Healthcare, in common with many other industries, is undergoing a significant digital transformation. As resources and purse strings become ever tighter, healthcare providers are becoming increasingly dependent on advancements in digital technology to enable them to do more with less.

The ability for healthcare practitioners and patients alike to securely access to electronic medical records (EMR) in real time, for example, not only improves an organization's operational efficiency, but can also enable more accurate diagnosis of a patient's condition, and inform their ongoing treatment plan.

Similarly, the introduction of e-prescriptions and the expansion of Wi-Fi connectivity throughout hospitals and doctors' surgeries have led to a reduction in administrative burden, freeing up frontline operatives to allow them to focus more on delivering high-quality services to their patients.

What's more, the ongoing adoption of the Internet of Things (IoT), and the use of connected wearable devices in particular, has opened up new, innovative ways of monitoring patients' health and measuring the effect of their treatment.

However, while the health and efficiency benefits of this digital transformation are clear, it is having an impact on the IT networks that power today's healthcare providers.
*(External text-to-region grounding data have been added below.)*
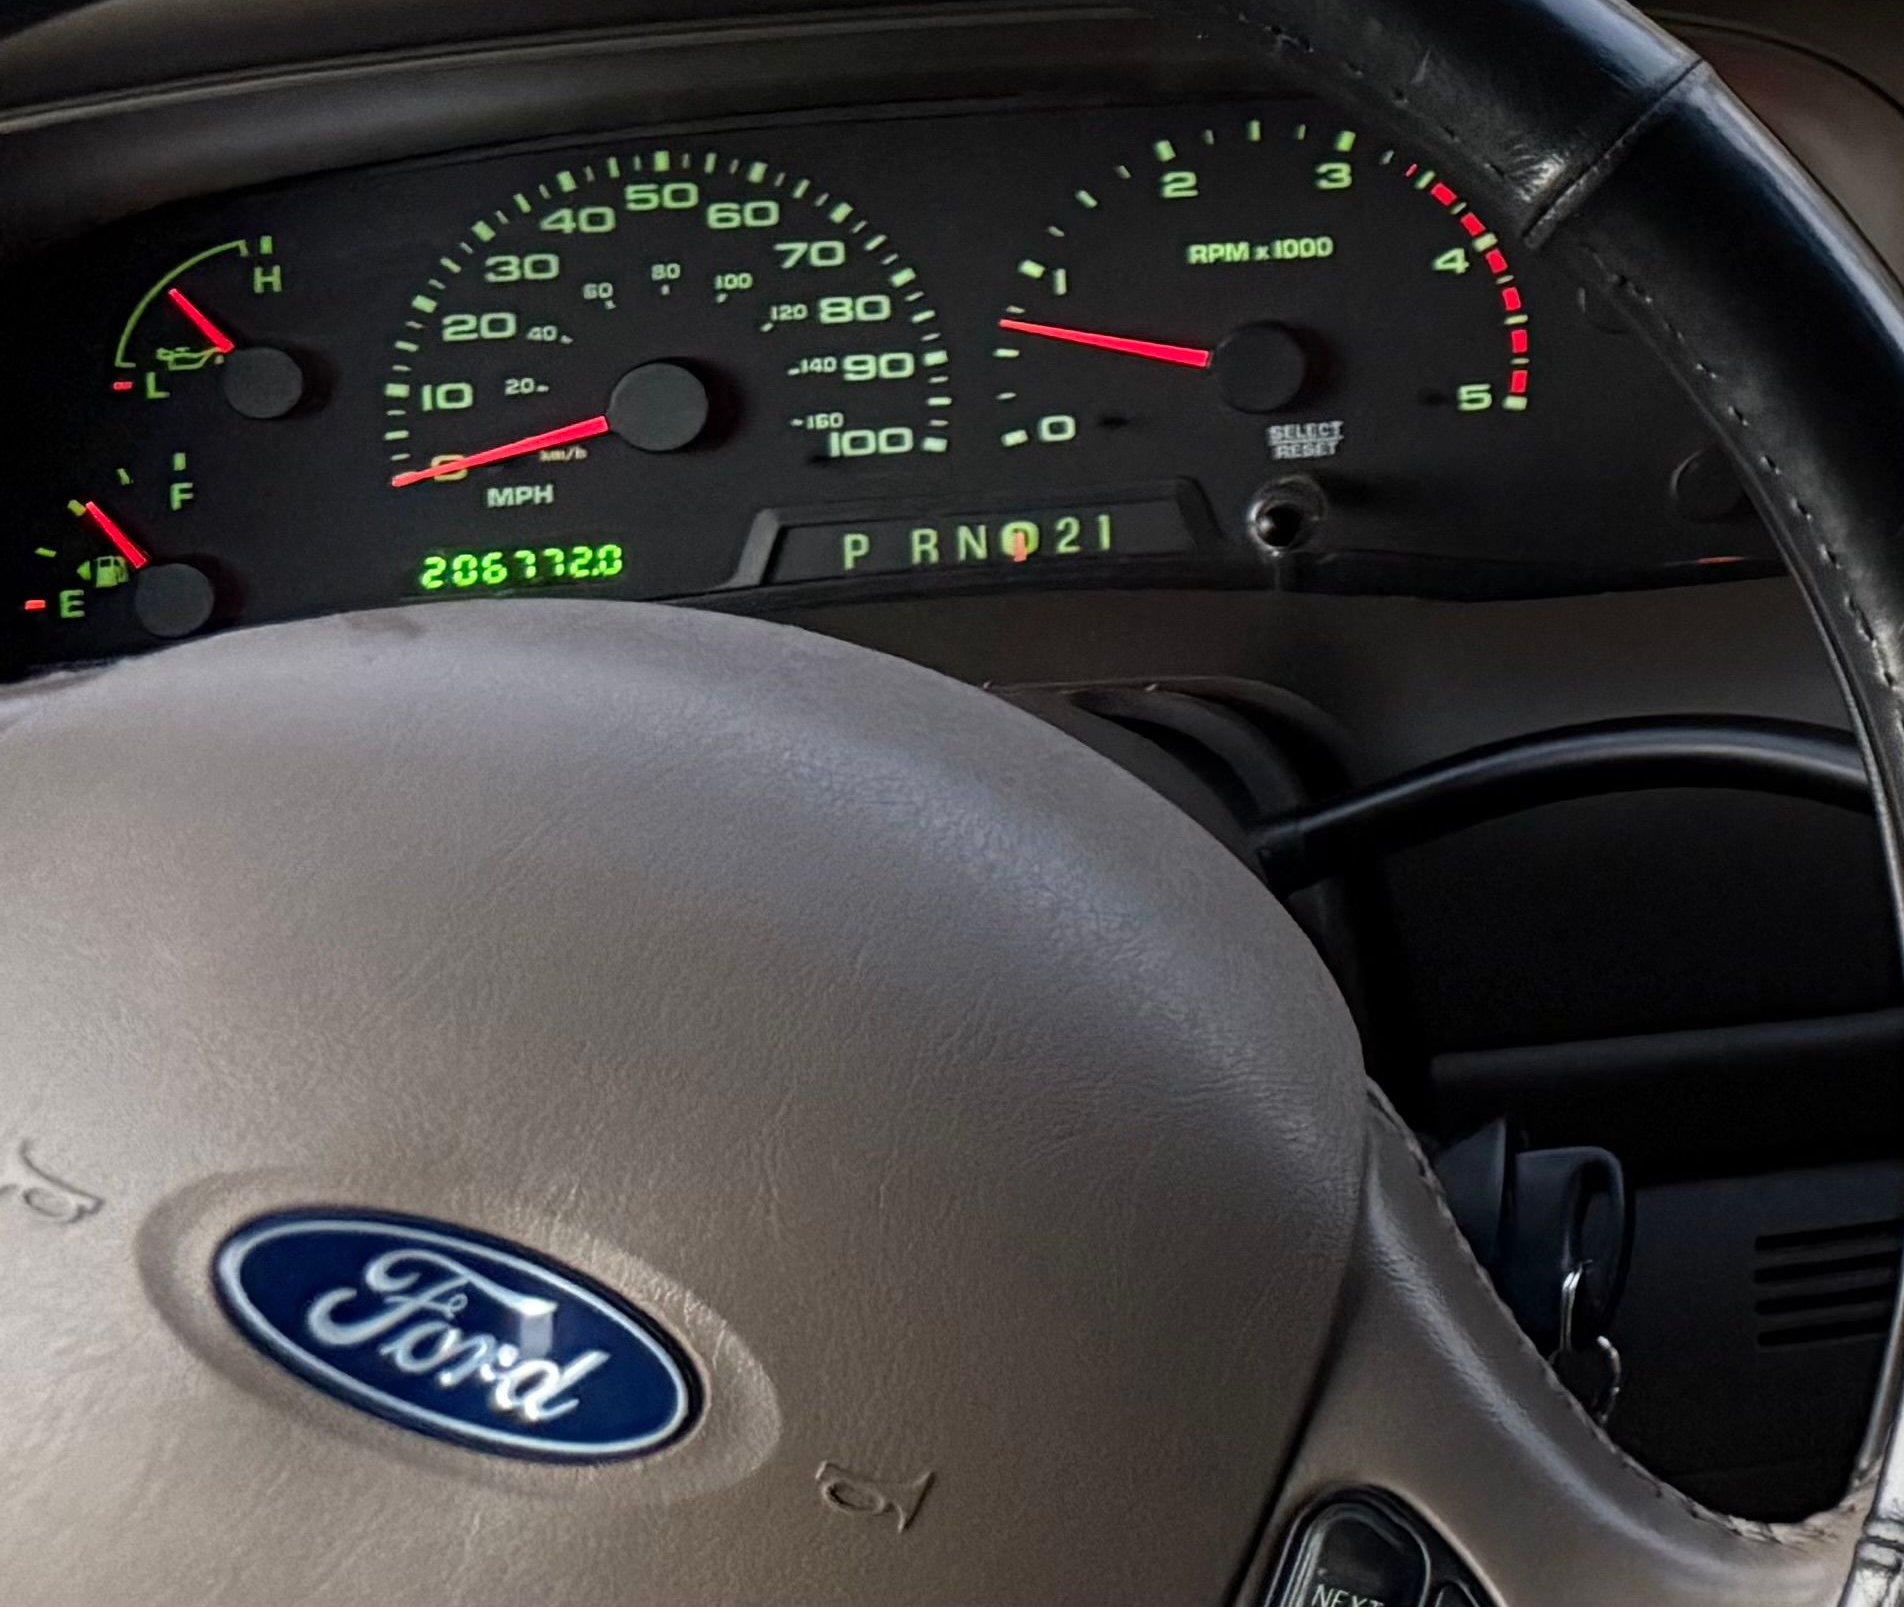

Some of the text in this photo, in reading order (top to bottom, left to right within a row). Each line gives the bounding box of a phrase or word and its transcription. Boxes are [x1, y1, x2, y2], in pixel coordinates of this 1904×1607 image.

[1162, 171, 1198, 198] 2
[1317, 162, 1352, 189] 3
[625, 182, 699, 211] 50
[540, 206, 615, 234] 40
[706, 200, 779, 229] 60
[774, 240, 845, 269] 70
[1188, 240, 1250, 266] RPM
[1433, 248, 1470, 274] 4
[253, 265, 282, 293] H
[485, 253, 559, 283] 30
[651, 263, 681, 281] 80
[715, 272, 753, 290] 100
[1054, 268, 1067, 295] 1
[583, 282, 614, 300] 60
[771, 303, 808, 321] 120
[819, 294, 891, 324] 80
[442, 312, 517, 342] 20
[526, 325, 557, 342] 40
[800, 356, 837, 373] 140
[842, 352, 915, 381] 90
[146, 371, 170, 399] L
[421, 382, 473, 411] 10
[505, 377, 535, 395] 20
[1458, 384, 1492, 411] 5
[806, 412, 844, 430] 160
[1039, 415, 1076, 442] 0
[1266, 420, 1344, 440] SELECT
[829, 427, 914, 458] 100
[431, 454, 468, 482] 0
[170, 482, 193, 510] F
[487, 484, 554, 507] MPH
[843, 533, 869, 570] P
[911, 528, 939, 564] R
[957, 524, 987, 561] N
[1055, 516, 1080, 554] 2
[1098, 514, 1110, 550] 1
[420, 544, 624, 590] 206772.0
[59, 589, 85, 618] E
[307, 1248, 610, 1422] Ford
[1311, 1583, 1385, 1607] NE
The increased complexity that comes with the introduction of these new technologies is responsible for performance issues and potential vulnerabilities, leading to a need for greater visibility into the data crossing these networks, and for a view of how better to manage the technology itself.

Protecting Patient Care

Healthcare providers never have a "typical" business day. Given the organic nature of a hospital, for example, where patients, staff and visitors are continuously moving in and out of the campus, and a wealth of different devices are being added and removed on an ongoing basis, the demand on its network and services will be unpredictable at best. It's vital, therefore, to have better insight into the performance of services across the network.
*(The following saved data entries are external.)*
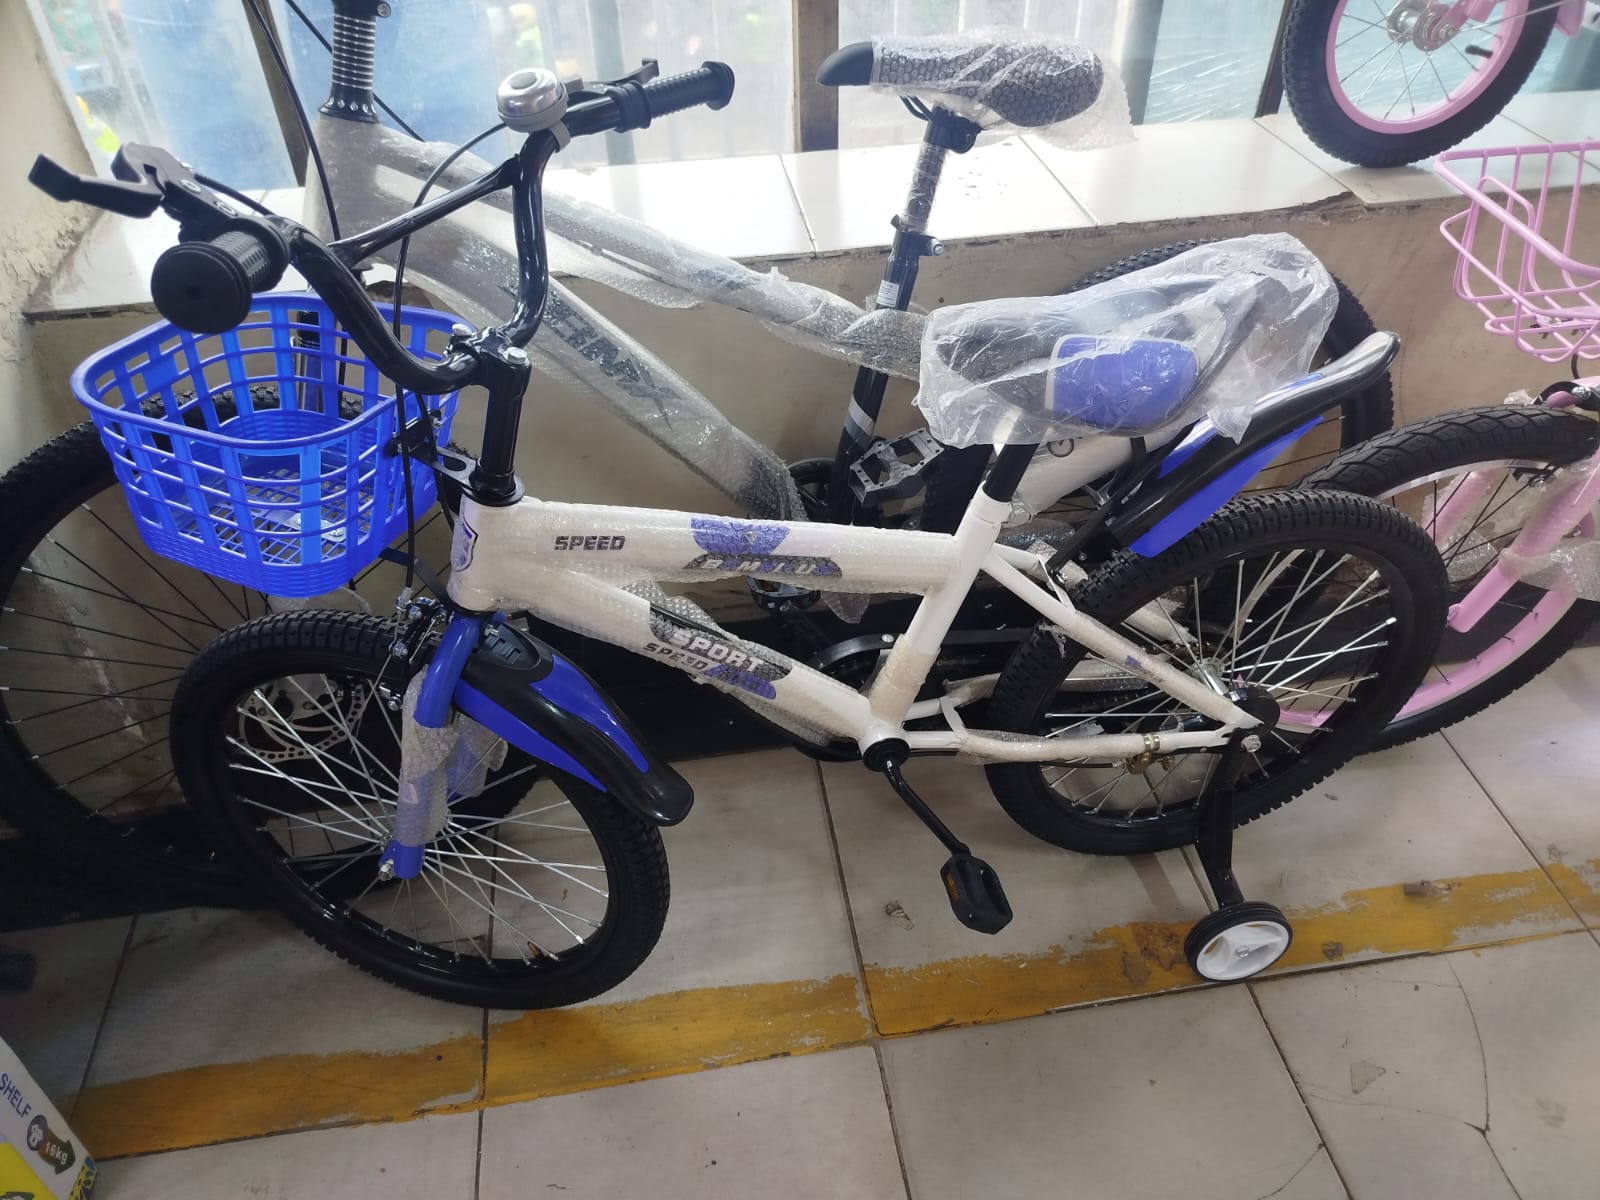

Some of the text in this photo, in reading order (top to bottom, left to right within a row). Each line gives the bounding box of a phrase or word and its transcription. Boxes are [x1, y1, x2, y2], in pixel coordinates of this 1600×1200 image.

[554, 535, 626, 551] SPEED
[643, 642, 709, 671] SPEED
[668, 629, 765, 672] SPORT
[0, 1073, 32, 1118] SHELF
[45, 1141, 69, 1166] 16kg
Protecting patient care in today's hyper-connected world largely depends on protecting and optimizing a healthcare provider's wired and wireless networks, and the services that run through them. Much of the functionality — the key services and applications — upon which healthcare organizations rely, tends to be multi-vendor, requiring IT teams to ensure that everything is working together without friction. Achieving visibility into this environment is complicated by the fact that these services will be running across both physical and virtualized environments as well as private, public and hybrid cloud environments, which only adds to the levels of complexity.

High Availability

While challenges around network complexity and multi-vendor, siloed technologies may not, at first glance, appear to have much bearing on delivering high-quality patient care, any issues with either the network or applications will have a knock-on effect. Delays in accessing information, for example, such as appointment times, medical images, diagnostic data or drug interactions, can have a negative impact on a patient's experience of the service.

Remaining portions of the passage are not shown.